What do you think about it? Is this envisaged solution totally wrong?

Unfortunately, the same solution I envisaged above does not work when y is observed (is not latent). As a matter of fact, in this case the shapes of z and y are (batch_size, hidden_size) and (batch_size, num_classes) , respectively. No problem in this case with the shapes and to provide the RNN with a hidden state having the right dimension.

I don’t know how to proceed.

What about using a sequential enumeration instead of the parallel one? Does this could avoid me to mess with the shapes?

Is there some alternative to the enumeration in Pyro to effectively deal with discrete latent variables?

the torch api should allow you to do what you need. conceptually each of the enumerated dimensions expands the batch dimensions: batch_size x num_classes. you just need to make sure that that there isn’t unwanted cross-talk: output[batch_i] of a MLP/RNN should only depend on input[batch_i]; and similarly for the enumerated dimension.

why can’t you shape the output of your MLP to have shape (1, num_labels x batch_size, hidden_size)?
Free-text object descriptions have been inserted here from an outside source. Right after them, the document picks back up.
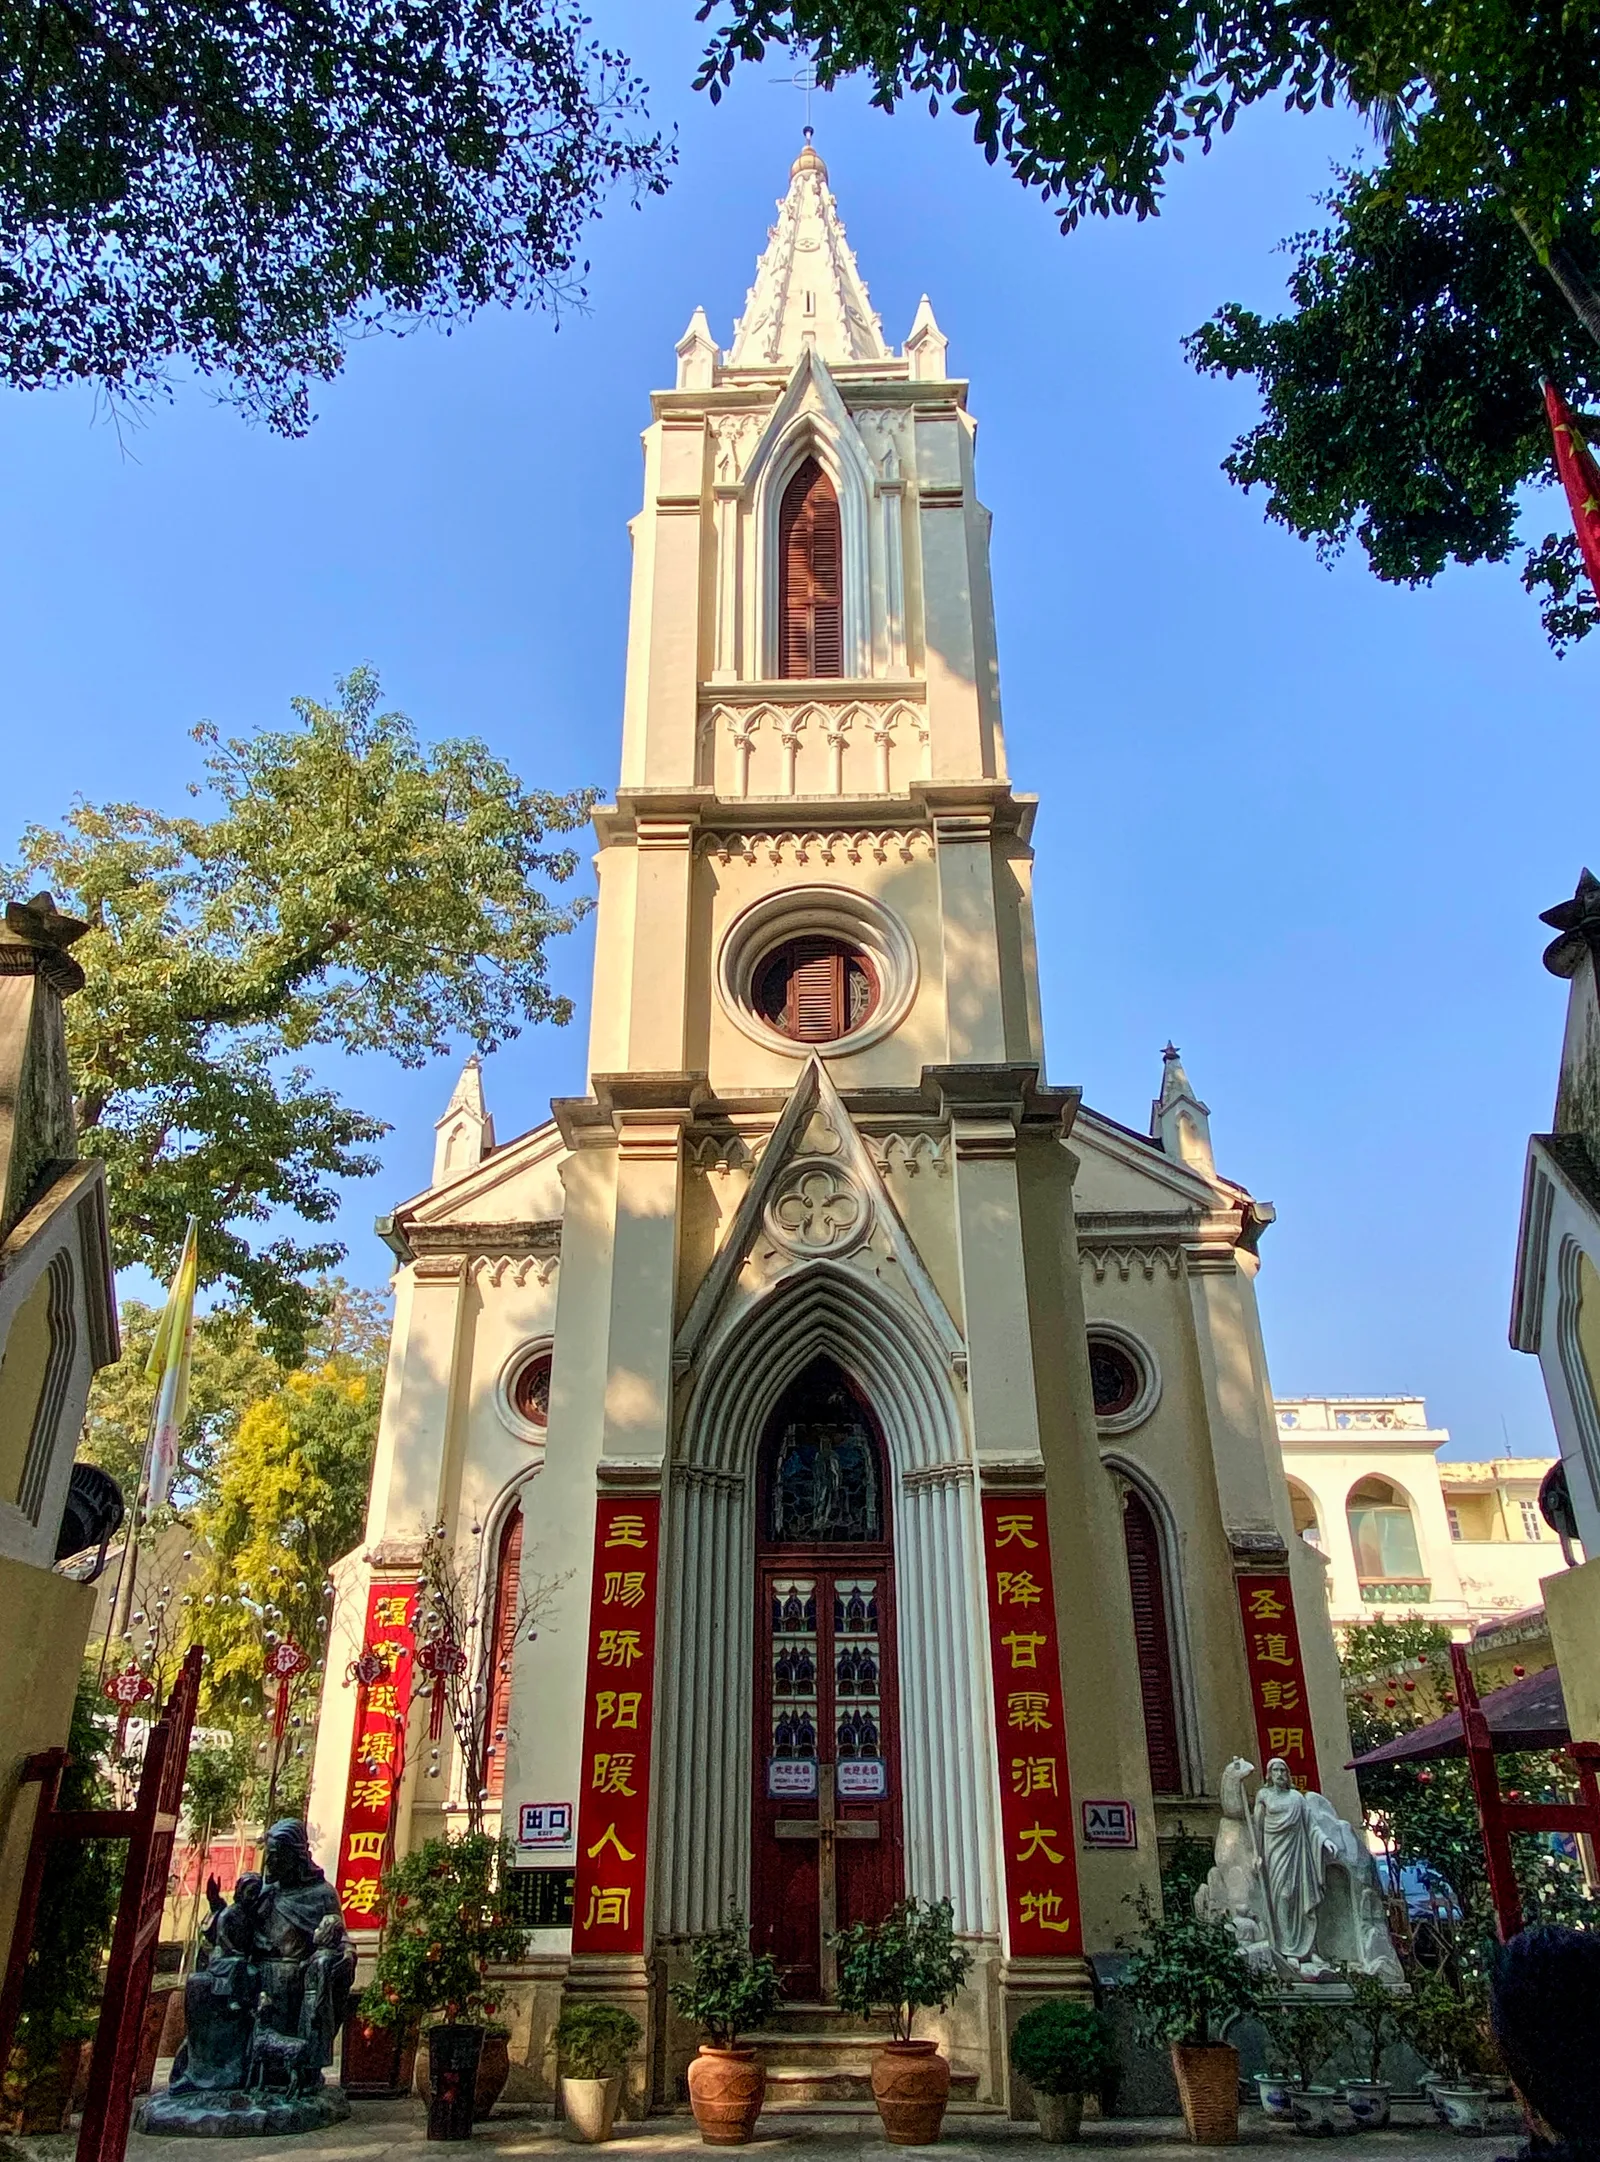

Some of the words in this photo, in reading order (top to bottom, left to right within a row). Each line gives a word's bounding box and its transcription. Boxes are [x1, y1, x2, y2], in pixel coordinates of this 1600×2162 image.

[526, 1810, 565, 1829] 出口
[582, 1514, 648, 1932] 主赐骄阳暖人间
[995, 1514, 1069, 1933] 天降甘霖润大地
[1089, 1808, 1125, 1828] 入口
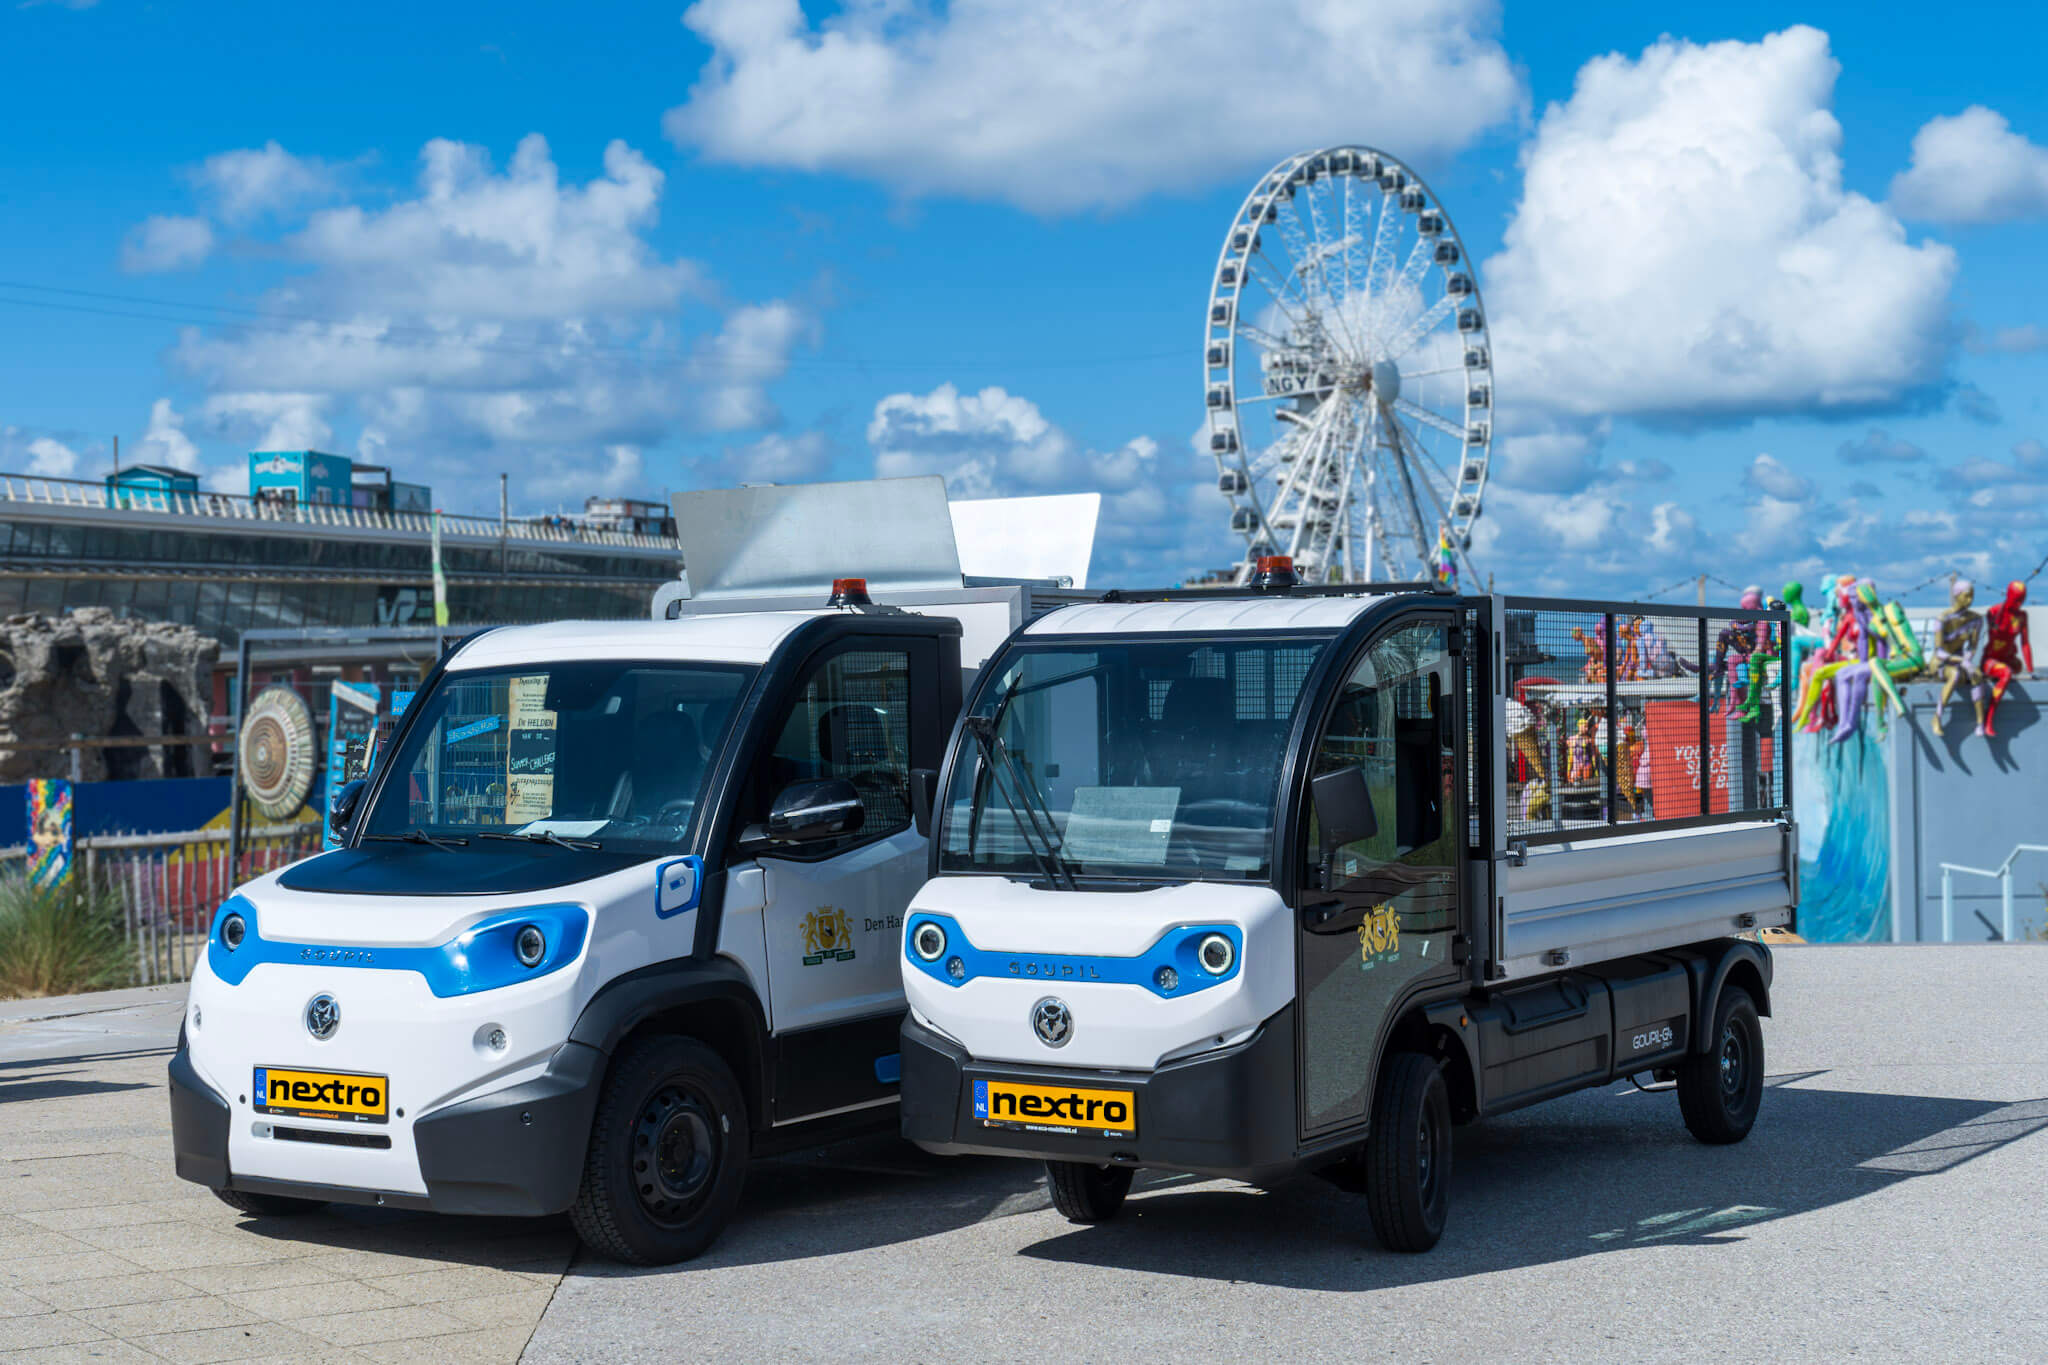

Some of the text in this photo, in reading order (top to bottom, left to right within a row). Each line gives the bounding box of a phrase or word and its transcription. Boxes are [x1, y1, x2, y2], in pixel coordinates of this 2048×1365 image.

[864, 918, 885, 932] Den
[300, 949, 375, 963] GOUPIL
[1009, 961, 1100, 978] GOUPIL
[256, 1089, 265, 1100] NL
[269, 1079, 380, 1107] nextro
[975, 1102, 987, 1112] NL
[992, 1092, 1127, 1123] nextro
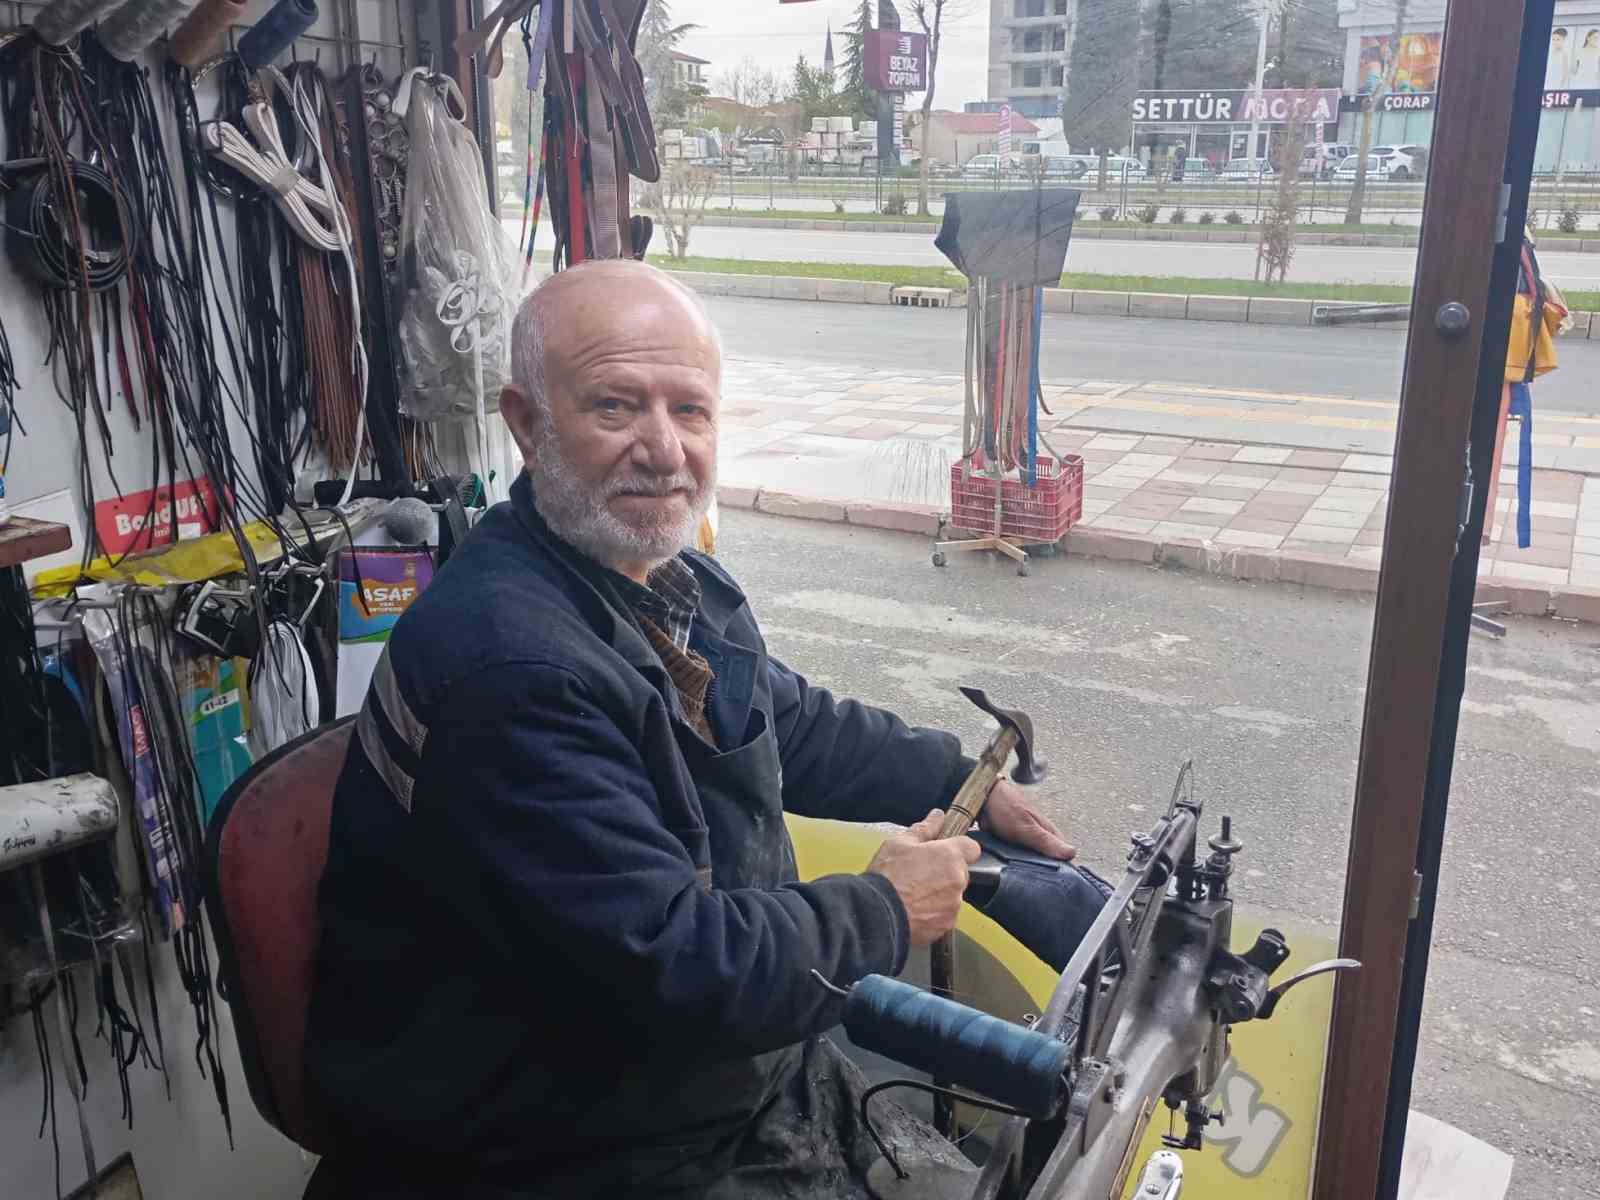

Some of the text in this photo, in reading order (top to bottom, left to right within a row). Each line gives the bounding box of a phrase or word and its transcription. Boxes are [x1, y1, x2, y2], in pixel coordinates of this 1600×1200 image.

it’s probably easiest to consider the case of observed and unobserved class label separately. i.e. alternate mini-batches with full observed or fully unobserved class labels

Thank you again for your reply.

What I don’t understand in your solution is that the RNN must receive a hidden state and an input. Let me suppose that the input comes from a DataLoader that provides me with batches of a fixed batch_size (e.g., 32). Thus, how can I pass to the RNN an hidden state and an input having shapes that differ for the batch_size?

To be concrete, let me use the following example:

#batch_size = 32 and hidden_size = 100, num_labels=2, h_in=50, seq_len = 40

rnn = nn.RNN(50, 100, batch_first=True)

#reshaped hidden state (1, num_classes x batch_size, hidden_size)
hidden = torch.randn(1, 2*32, 100)

#input shape = (batch_size, seq_len, h_in)
input = torch.randn(32, 40, 50)

output, hidden = rnn(input, hidden)

Of course this returns me with an error:

RuntimeError: Expected hidden size (1, 32, 100), got [1, 64, 100]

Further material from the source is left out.